Text-based programming languages like Python and Java are by far top of employers’ wish lists. A quick search on any job site can attest to the size of the demand. But to date, there’s been numerous barriers that inhibit learning these languages and taking these skills into a career.
There are several challenges at play here that we need to unravel if we’re to truly address the digital skills gap and make the changes needed to transform how we teach these skills.
Text-based coding: important – but perceived as difficult
Python is the most widely used and fastest growing developer language in the world. It and other text-based languages have a broad application of uses, from powering machine learning to web development and data analytics.
Text-based languages can power a huge number of potential use cases and problem solving. This is why they are so valuable. They are behind most of the applications you interact in your daily lives and are immensely powerful.
The UK secondary school curriculum introduced learning text-based languages in 2014, but to date teachers and students alike have struggled to include languages like Python, given the jump in technical complexity. Instead the focus has largely been around HTML.
Text-based languages are especially tricky. They require a relatively high reading level ability; are easy to get wrong and create error messages; and editors usually start with a ‘blank screen’, leaving new learners feeling unsure of how to get started, overwhelmed and demotivated.
The digital diversity gap
The challenges of learning text-based coding apply to all students, but it’s important we also examine how these challenges intersect with existing diversity issues.

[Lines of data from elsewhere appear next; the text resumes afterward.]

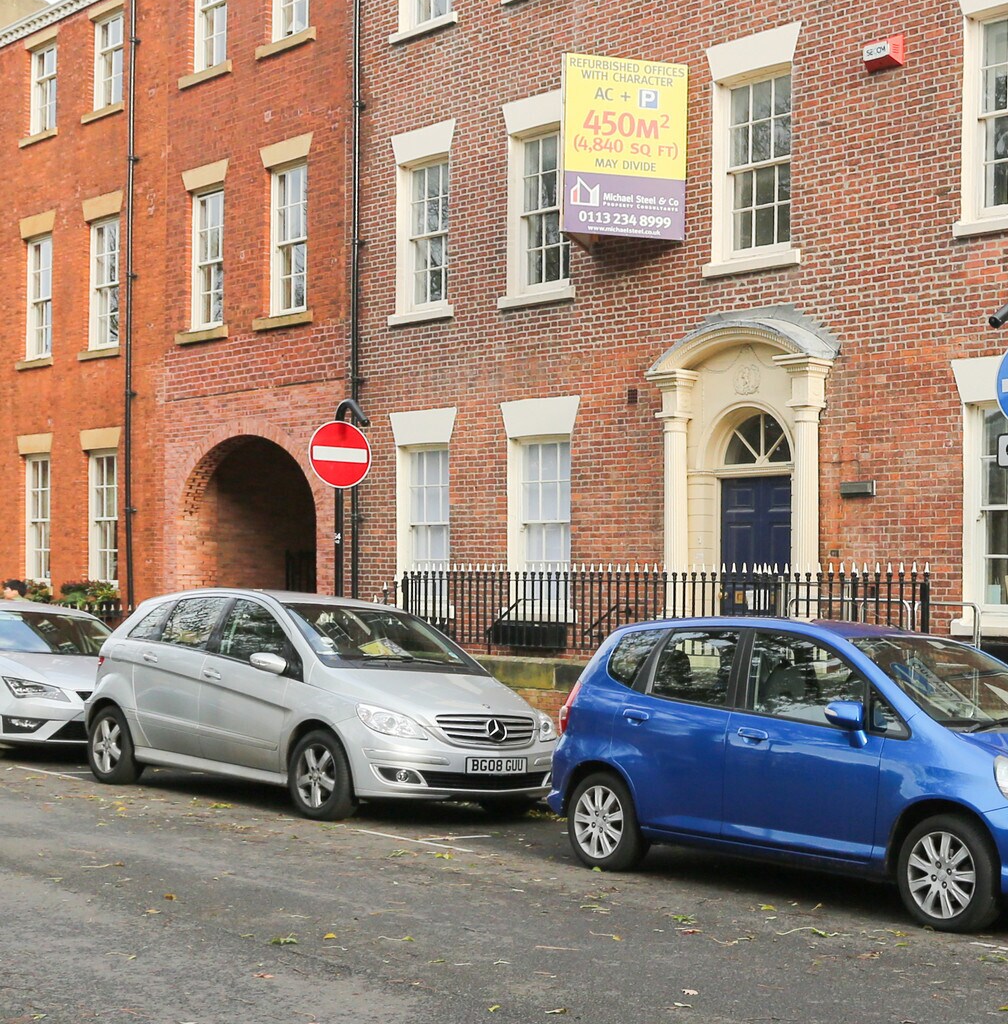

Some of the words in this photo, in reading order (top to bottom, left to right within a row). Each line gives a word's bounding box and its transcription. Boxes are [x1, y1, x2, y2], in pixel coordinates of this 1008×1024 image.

[569, 57, 640, 73] REFURBISHED
[644, 64, 685, 78] OFFICES
[581, 69, 608, 81] WITH
[613, 73, 673, 87] CHARACTER
[594, 87, 614, 101] AC
[620, 92, 631, 102] +
[641, 90, 656, 107] P
[573, 134, 624, 153] (4,840
[630, 142, 651, 157] SQ
[658, 142, 679, 160] FT)
[595, 158, 618, 168] MAY
[622, 160, 656, 172] DIVIDE
[603, 192, 633, 203] Michael
[636, 195, 656, 205] Steel
[658, 197, 667, 205] &
[668, 198, 679, 207] Co
[578, 210, 611, 224] 0113
[613, 213, 637, 226] 234
[639, 215, 672, 229] 8999
[471, 759, 503, 772] BG08
[505, 759, 524, 772] GUU
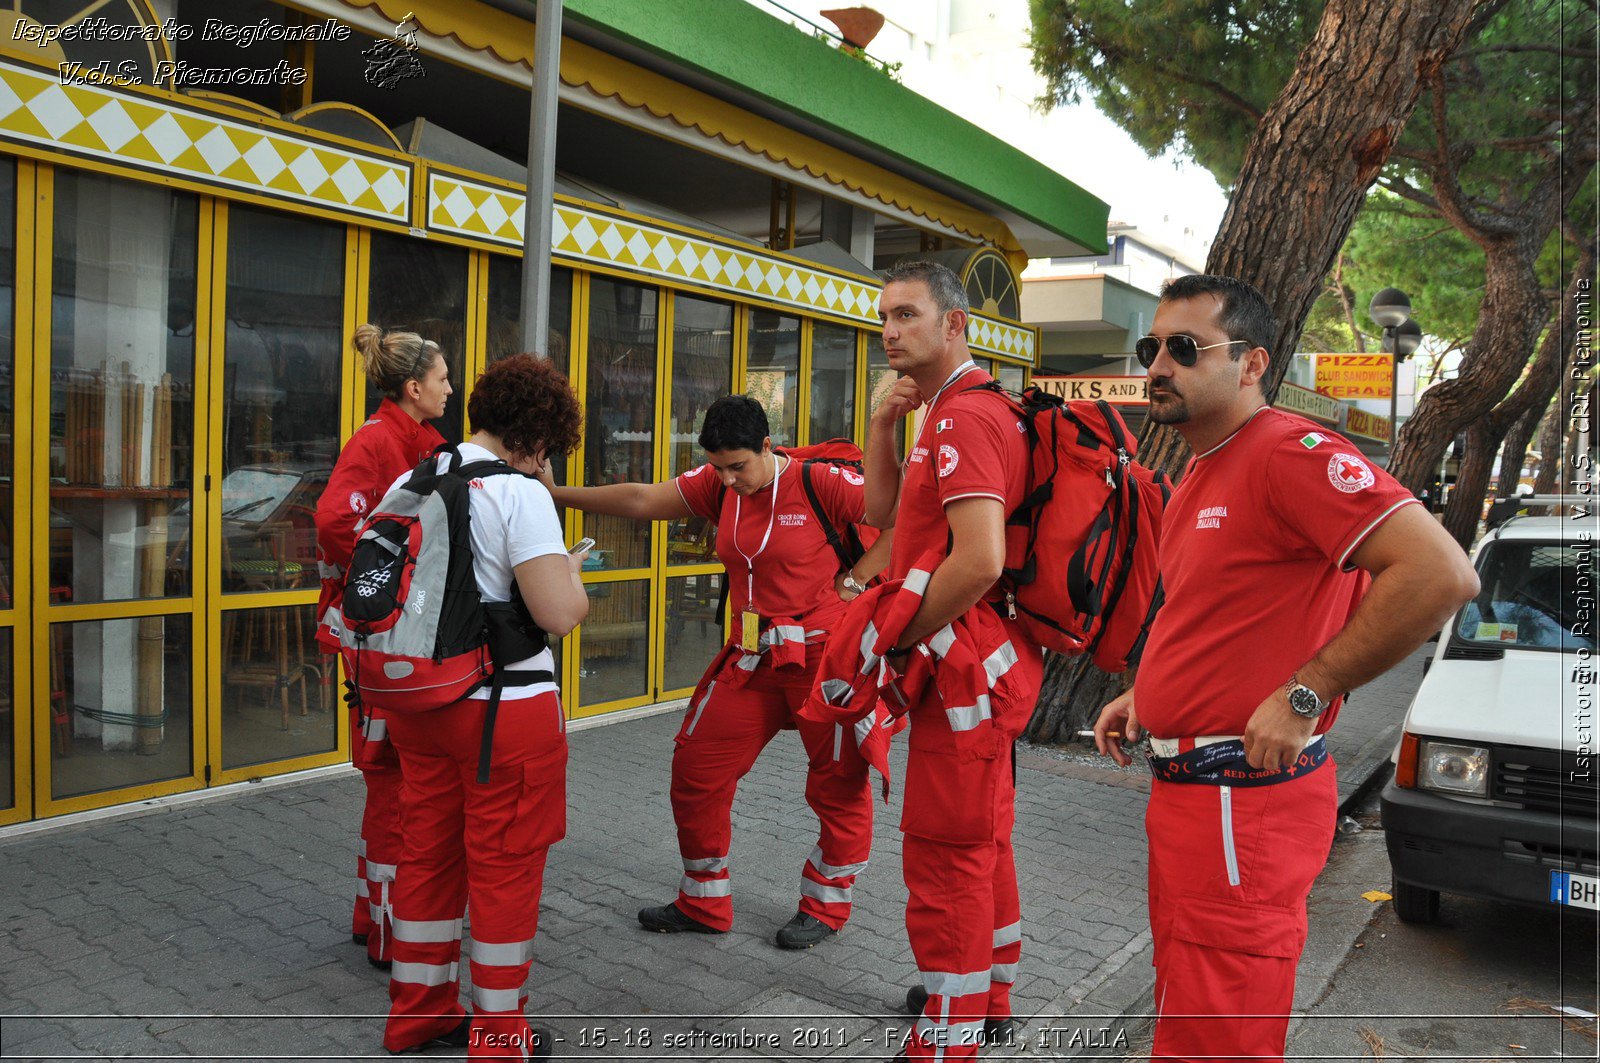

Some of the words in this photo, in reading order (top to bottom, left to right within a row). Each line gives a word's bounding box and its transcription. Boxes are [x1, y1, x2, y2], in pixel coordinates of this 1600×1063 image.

The tech industry’s diversity challenges are well documented. Just last month, a new report found young workers in tech from diverse backgrounds are struggling, not with the nature of the work, but the environment. Nearly half felt uncomfortable in a job because of their gender, ethnicity, socio-economic background, or neurodevelopmental condition.
This same logic can be applied when we consider computing education at schools. For example, while overall numbers taking Computing A-Level increased this year, it continued to have the biggest gender imbalance of all subjects, with 82% of students being male.
This isn’t for lack of ability or enjoyment in the work, though. Girls generally outperform boys when they do take computing, and our experience shows they enjoy it too.
What is at play is a cultural issue. Computing is held back by social stereotypes and attitudes, even among female teachers, that don’t encourage girls to pick computing.
While moving the cultural needle will take time, what can change today is how computing is taught to make it feel more accessible and engaging for these underrepresented groups.
Stepping up to text-based programming
It’s important we scrutinise the computing resources, hardware and software used in classrooms to ensure they’re accessible, inclusive, and fun for all children. This is especially so when considering highly desirable skills like text-based programming.
Micro:bit Educational Foundation has a unique position in its long-term grassroots mission. It has insights from its business partners – tech giants like Arm and Microsoft , from teachers, and from its young users. It helps promote diversity in computing education with its handheld coding device, the BBC micro:bit, which is designed and shared with teacher-friendly resources.
From years of experience and with over six million devices in use globally, it has been able to draw on a broad scope of insights and data to redefine how we teach text-based programming. The result has been to make it feel both like a smaller step up for beginners, and to make it feel more accessible to a broader scope of users.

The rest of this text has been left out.